The present invention relates to sequential liners for gas turbine combustors, and more particularly to convective cooling holes in sequential liners.

In gas turbine can combustors, a sequential liner with impingement cooling is used. When the set of gas turbine cans combustors are arranged around the turbine, the cans can be close to each other and the proximity of adjacent cans to each other can interfere with cooling air entry into the impingement cooling holes.

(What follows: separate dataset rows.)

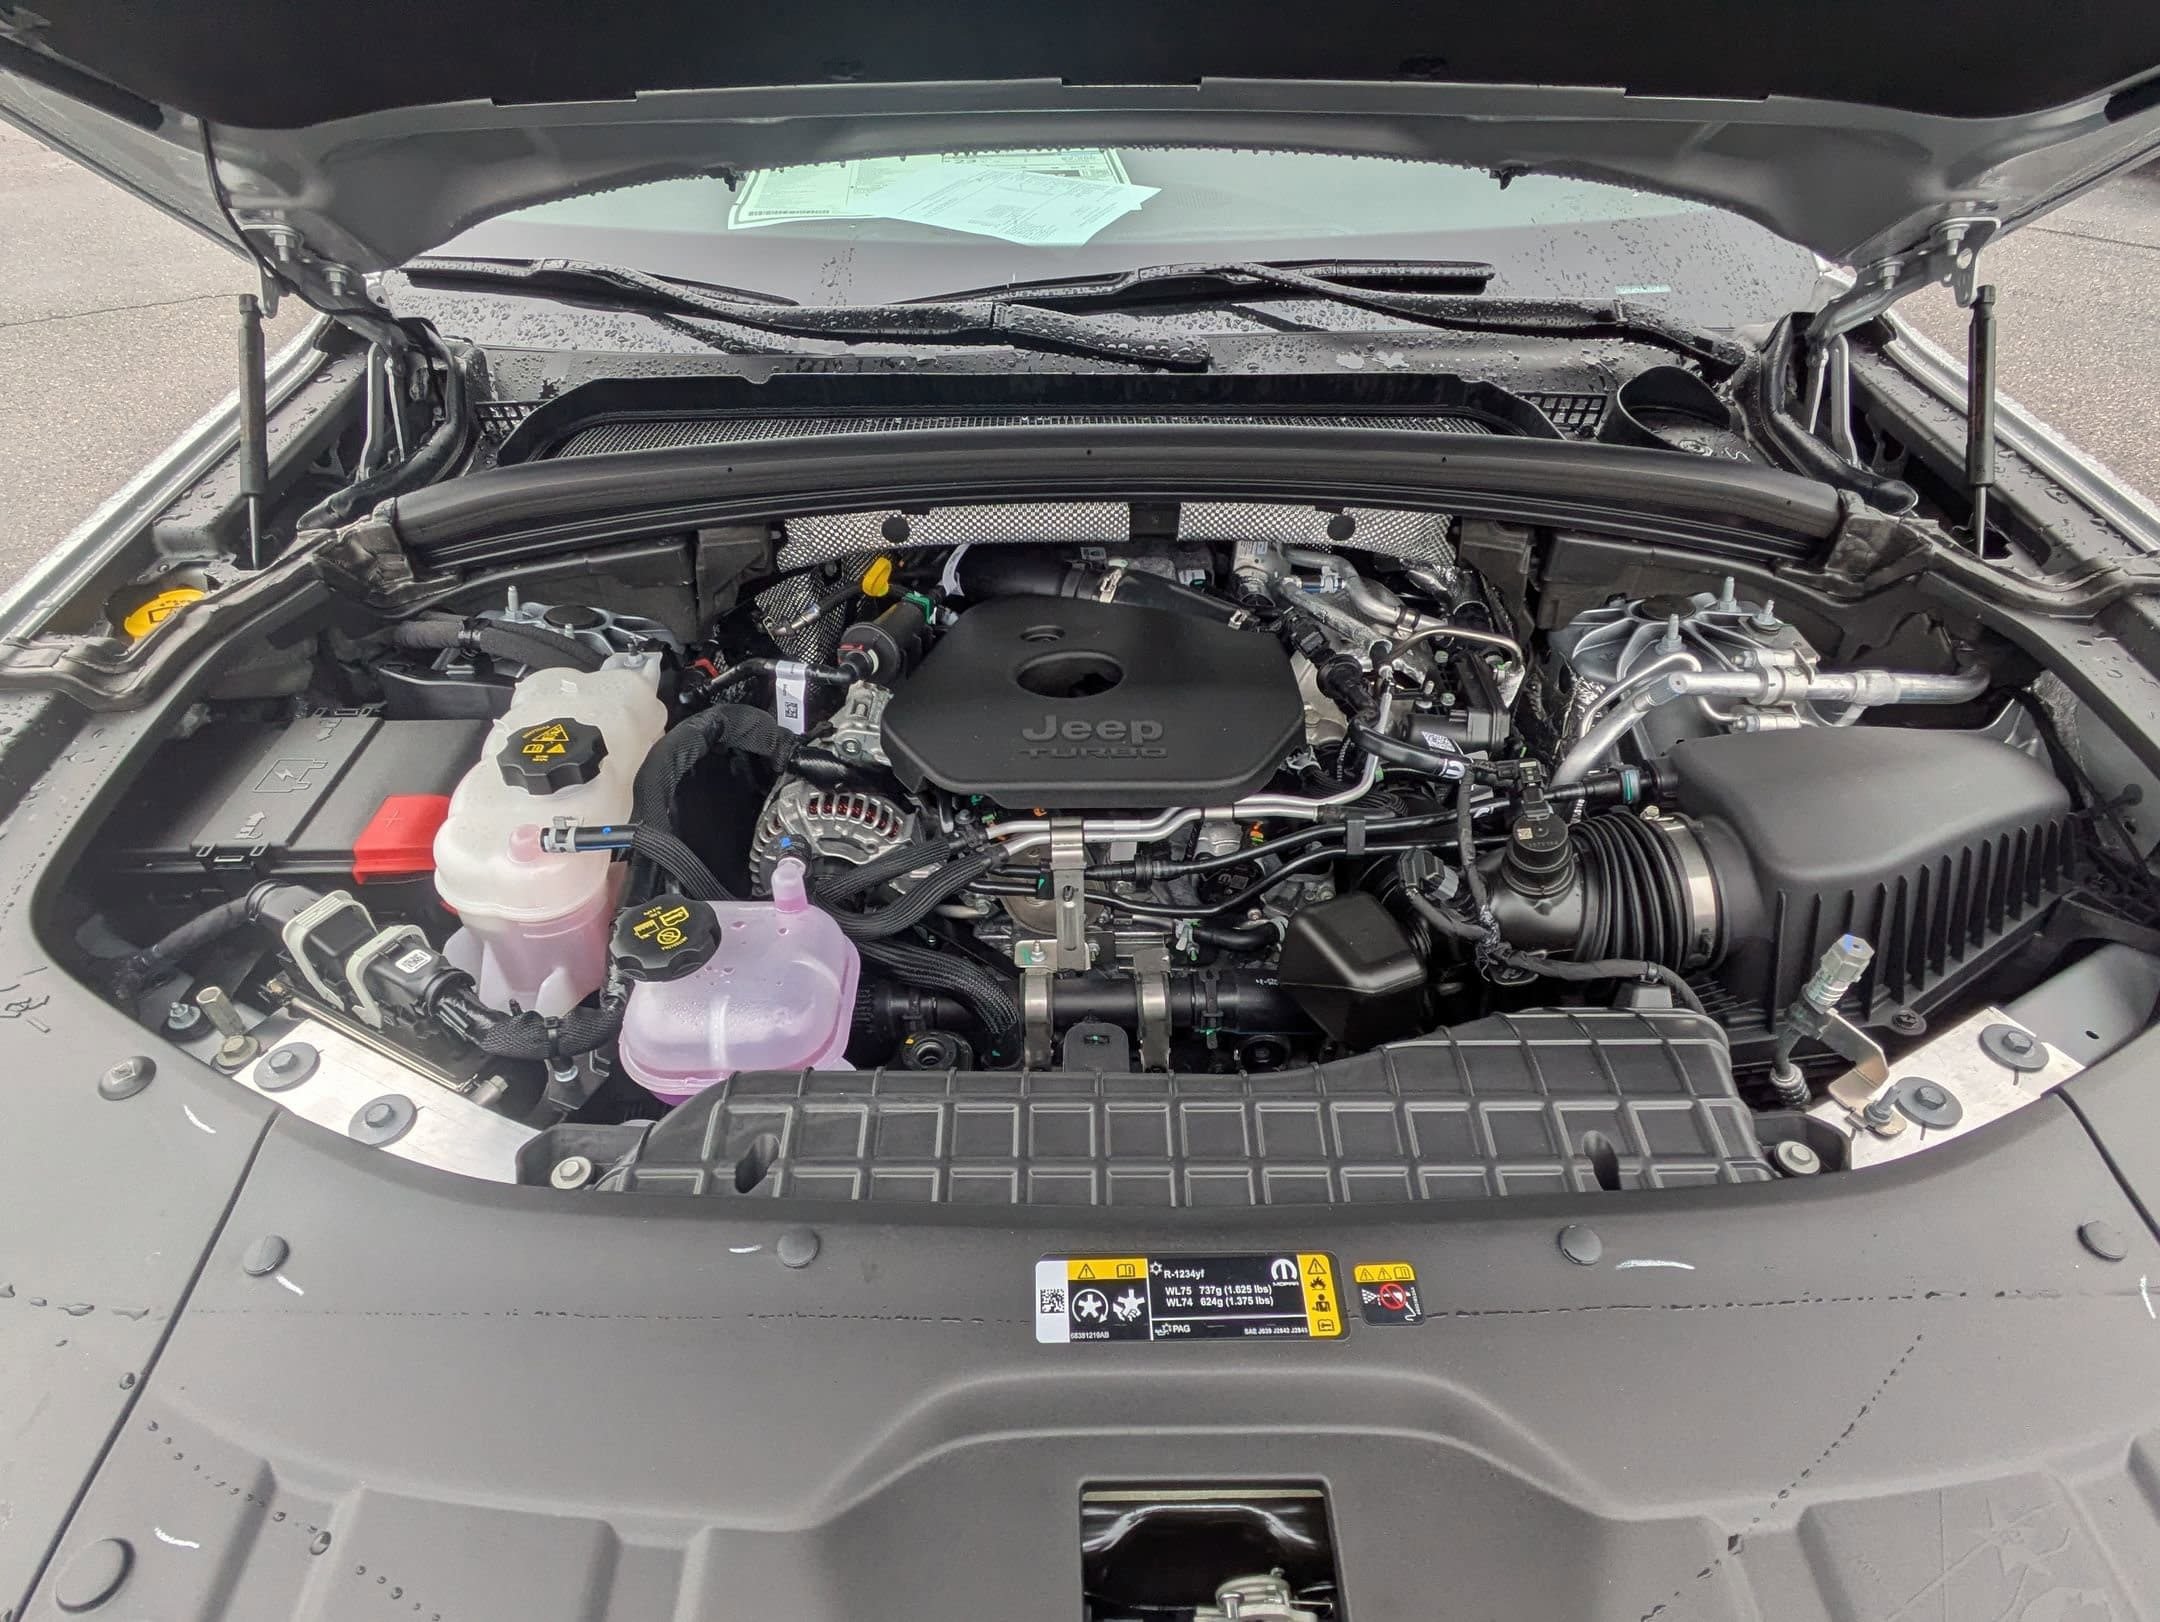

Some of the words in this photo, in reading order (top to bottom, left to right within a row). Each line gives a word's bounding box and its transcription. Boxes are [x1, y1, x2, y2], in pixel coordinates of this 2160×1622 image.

[1022, 714, 1164, 746] Jeep
[1017, 747, 1168, 760] TURBO
[1163, 1269, 1205, 1280] R-1234yf
[1165, 1286, 1193, 1296] WL75
[1199, 1285, 1223, 1297] 737g
[1224, 1284, 1253, 1296] (1.625
[1254, 1284, 1273, 1296] lbs)
[1166, 1297, 1194, 1307] WL74
[1200, 1296, 1224, 1308] 624g
[1225, 1296, 1254, 1308] (1.375
[1255, 1295, 1275, 1307] lbs)
[1172, 1324, 1192, 1334] PAG

It was predicted that improvements could be made to improve these problems.

The invention is defined in the appended independent claims to be referred to now. Advantageous features of the invention are set out in the dependent claims.

The sequential liner outer wall spaced apart from the sequential liner inner wall to define a sequential liner cooling channel between the sequential liner outer wall and the sequential liner inner wall in accordance with the first aspect of the present invention, Wherein the first and second abutment surfaces are each adjacent to the first surface, and wherein the first surface of the sequential liner outer wall is adjacent to the first abutment surface, the first abutment surface, and the second abutment surface, A first convective cooling hole adjacent the surface and a second convective cooling hole adjacent the second adjacent surface, each convective cooling hole having a convective cooling flow guide into a sequential liner cooling channel adjacent each adjacent surface Wherein the gas turbine combustor is arranged such that the gas turbine combustor is aligned with the gas turbine combustor.

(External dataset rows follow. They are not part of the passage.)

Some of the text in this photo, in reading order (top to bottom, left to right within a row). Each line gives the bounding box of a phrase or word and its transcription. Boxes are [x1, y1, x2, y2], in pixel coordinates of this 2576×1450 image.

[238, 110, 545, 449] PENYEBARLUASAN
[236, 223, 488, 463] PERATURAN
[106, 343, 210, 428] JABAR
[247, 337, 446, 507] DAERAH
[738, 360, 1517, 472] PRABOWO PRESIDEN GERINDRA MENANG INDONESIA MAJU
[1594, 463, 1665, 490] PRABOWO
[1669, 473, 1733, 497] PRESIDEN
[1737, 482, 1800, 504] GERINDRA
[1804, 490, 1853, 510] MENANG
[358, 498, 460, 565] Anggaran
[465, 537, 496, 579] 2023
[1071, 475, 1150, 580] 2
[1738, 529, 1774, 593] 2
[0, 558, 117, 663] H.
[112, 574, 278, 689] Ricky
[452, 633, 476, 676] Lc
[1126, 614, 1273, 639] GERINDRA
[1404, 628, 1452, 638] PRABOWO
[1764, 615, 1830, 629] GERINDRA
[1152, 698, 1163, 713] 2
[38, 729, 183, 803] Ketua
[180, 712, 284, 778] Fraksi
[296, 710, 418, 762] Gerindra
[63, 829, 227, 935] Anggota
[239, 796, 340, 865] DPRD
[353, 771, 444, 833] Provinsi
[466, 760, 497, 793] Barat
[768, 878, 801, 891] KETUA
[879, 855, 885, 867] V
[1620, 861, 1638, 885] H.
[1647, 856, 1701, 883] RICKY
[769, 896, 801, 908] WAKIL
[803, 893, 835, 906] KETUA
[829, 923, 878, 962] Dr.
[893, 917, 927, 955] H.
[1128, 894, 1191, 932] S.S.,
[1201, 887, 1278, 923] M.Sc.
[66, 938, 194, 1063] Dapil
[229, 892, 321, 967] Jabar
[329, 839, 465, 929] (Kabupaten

Delivery of impingement systems on sequential liner sidewalls can be difficult at high speeds in two neighboring sequential liners (relative to the low pressure to feed the cooling system) and a short distance to the neighboring sequential liner can also be achieved with the cooling system Lt; / RTI > (cooling wave). Changing the cooling air entry position to a position that may have a higher static pressure drop may provide a higher driving pressure drop for the cooling system.

Impact cooling requires a specific cooling channel height, which significantly affects the size of the non-flowed area between two sequential liners at the turbine interface. As convective cooling can be much more compact, it may be possible to reduce the channel height in the region to be convectively cooled. This can enable the candles in the sequential liners to be placed closer together, which can provide space for more candles.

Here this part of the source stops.